AARON SMITH’S CODE ENDEAVOR

Archive for the 'teams' Category

Being a Successful Development Team in Flash with Application Domains

A somewhat common problem I’ve run into a few times was how to “play nice” with other developers when working on projects that were quite big - and required a team effort. I’ve stumbled across a pretty cool way to build projects. Maybe others are aware of this, but I wasn’t, so maybe this can help you.

What I’m not talking about, is how to write better code so there aren’t any merge problems - or how to get along better. What I’ll explain is how you can alleviate pains with managing FLA files, and which developer can work on which FLA.

Here’s the situation: you have a shell file that loads some shared assets but more than one developer are trying to work in this assets FLA at the same time. You know version control presents a problem so you try to coordinate when and who is allowed to work on the FLA. Does that sound familiar? If not, maybe you’re already doing it right - maybe I can learn something from you.

Let’s think about this problem a little bit more, this is how I broke it down: we need a way to write code linked against some assets - which happen to live in a swf. The swfs will be used for part of a bigger application, but “the bigger application” doesn’t care which swf contains the assets or components.

The answer: write code that makes no assumptions about which swf the assets live in. How can you do that? Application domains. (I don’t really want to take the time to explain application domains - you can look through the livedocs for that.)

I’ll start to paint a very simple picture. We’ll have two final swfs:

main.swf (from main.fla)
assets.swf (from assets.swf)

We have two developers on the team:

David, Sam

To start the project out, one developer will need to write some basic startup code, to kick everything off in the main swf. That startup code could do many things, but to keep this simple, let’s assume it just contains some assets for a preloader and the code to kick off the application when the required assets are loaded.

Once you get to that point, you can start to break things up. Here’s what you do: each developer creates his own FLA sandbox for developing components - which will be a work in progress FLA.

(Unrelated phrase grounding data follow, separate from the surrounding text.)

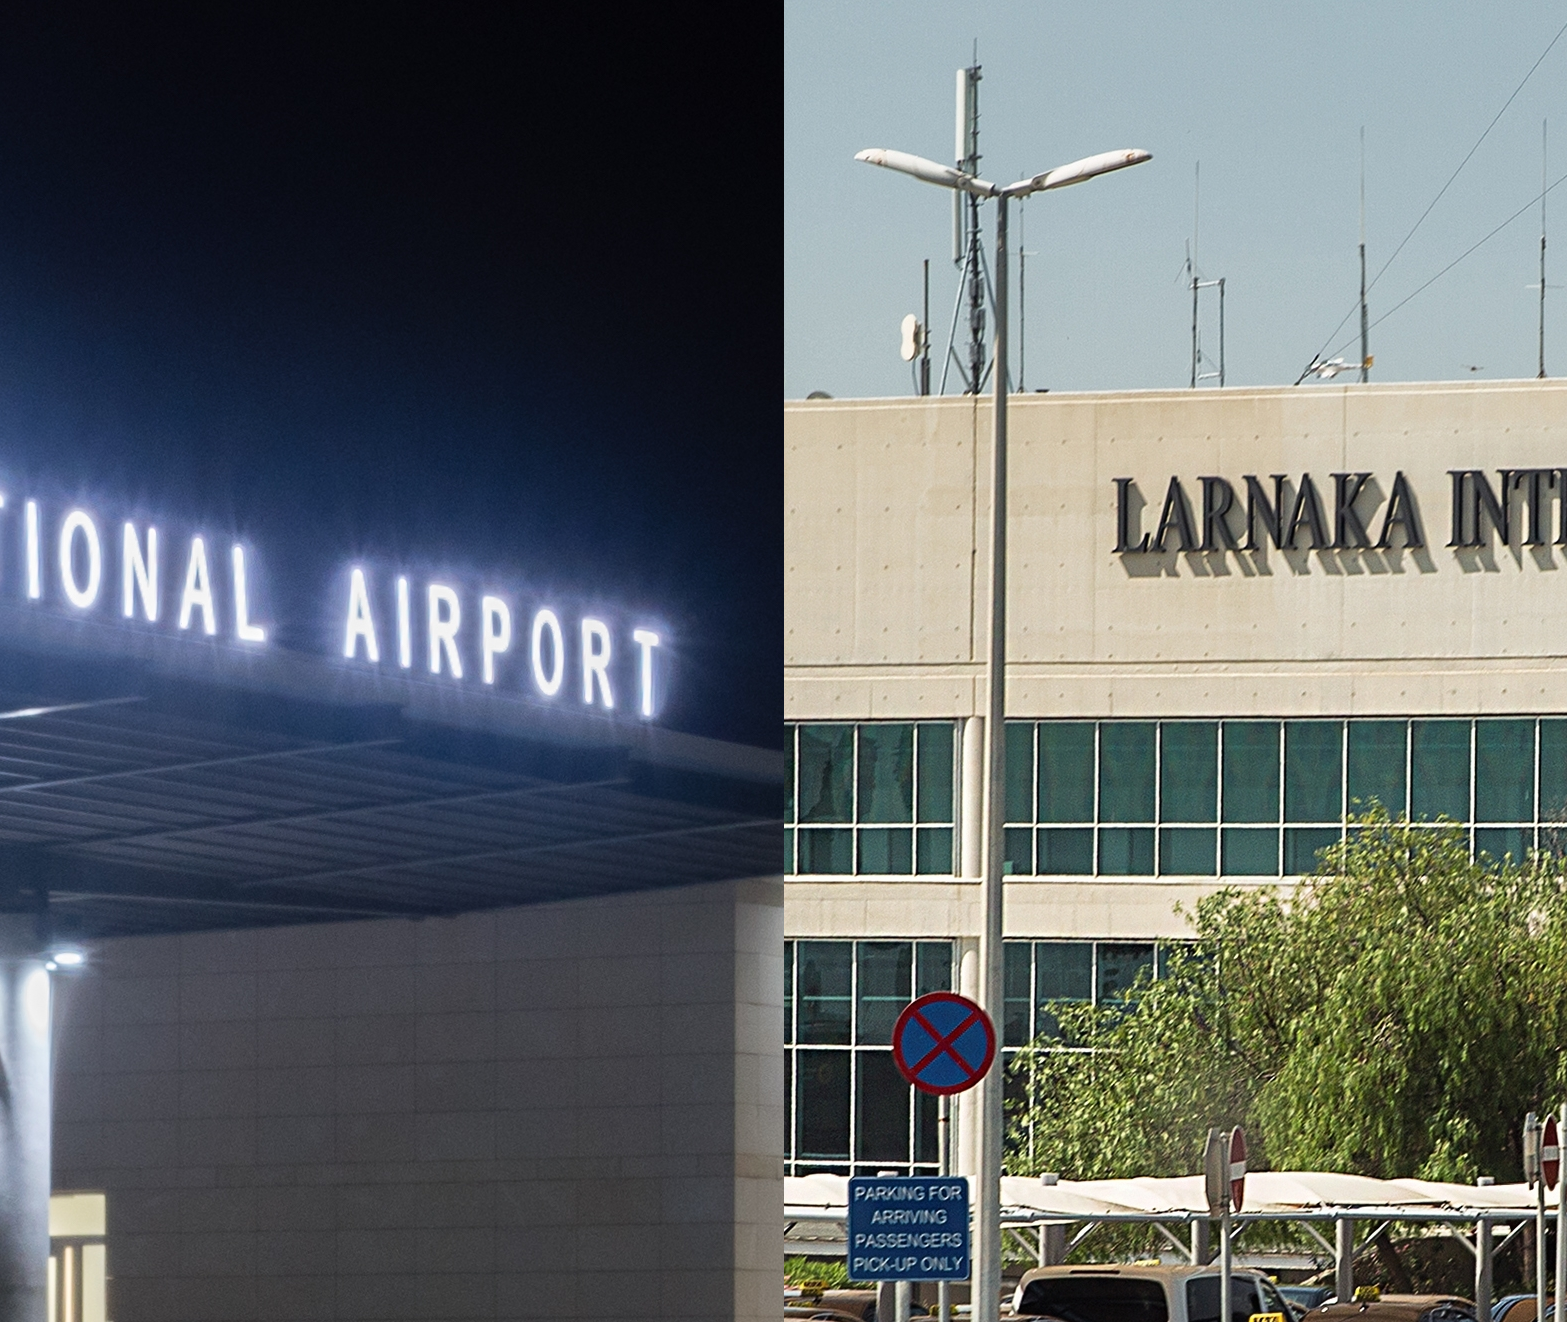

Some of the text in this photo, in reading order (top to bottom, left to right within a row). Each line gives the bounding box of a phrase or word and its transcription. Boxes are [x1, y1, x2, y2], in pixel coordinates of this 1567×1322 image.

[1111, 470, 1424, 554] LARNAKA
[344, 567, 661, 718] AIRPORT
[854, 1185, 962, 1201] PARKING FOR
[871, 1209, 947, 1225] ARRIVING
[854, 1233, 963, 1248] PASSENGERS
[853, 1256, 963, 1272] PICK-UP ONLY

So now you have three FLA’s:

assets.fla
assets_david.fla
assets_sam.fla

This is where application domains, (with or without the help of guttershark) comes in. While your initially building the app, you load all three asset swfs. The model xml file would look like this:

<?xml version="1.0" encoding="utf-8"?>
<model>
	<assets>
		<asset libraryName="assets" src="assets.swf" preload="true" />
		<asset libraryName="assetsDavid" src="assets_david.swf" preload="true" />
		<asset libraryName="assetsSam" src="assets_sam.swf" preload="true" />
	</assets>
</model>

The PreloadController loads in all assets into the same application domain - which means your application code doesn’t need to do any extra work, or extra logic - just to get clips out of the libraries.

As developers are hitting milestones with building components, they can come back to the main application code and fit in their components. Naturally one developer will fall into being the maintainer of the overall application, or architect.

This is what you’ll start to see happen: the architect will be able to work on building the entire application, using the components from the other developers’ sandboxes, and whatever milestones are ready in the main assets swf - without disturbing the other developers, and the other developers won’t conflict with each other.

Can you see how that shapes up? All developers contribute to code, using version control systems to merge your application code together - which is standard. But, while each developer is doing his individual efforts, he builds out components and visual assets in his sandboxed FLA. The architect can use all those pieces, and nobody has to worry about conflicts. Yes!

Each developer will naturally hit milestones with the components he’s building. When this happens, he makes sure it’s clear to merge in his milestone into the final assets swf. Delete those clip assets from his sandbox, and continue.

The cycle is perfect. Now it’s all about individual milestone’s and quick merges vs. merge and conflict resolution at every commit or update because of crappy fla conflicts.

Obviously this is a very basic example, and I have by no means come up with some perfect team model. But I’ve successfully been doing this on one project I’m working on, and let me tell you - we haven’t had any major FLA conflicts, and we haven’t had to plan or even think about who, when, or where someone edits an FLA.

Do you have any experiences with team development? Do you have team techniques that eliminate conflicts with FLA’s? I’d definitely like to hear about them.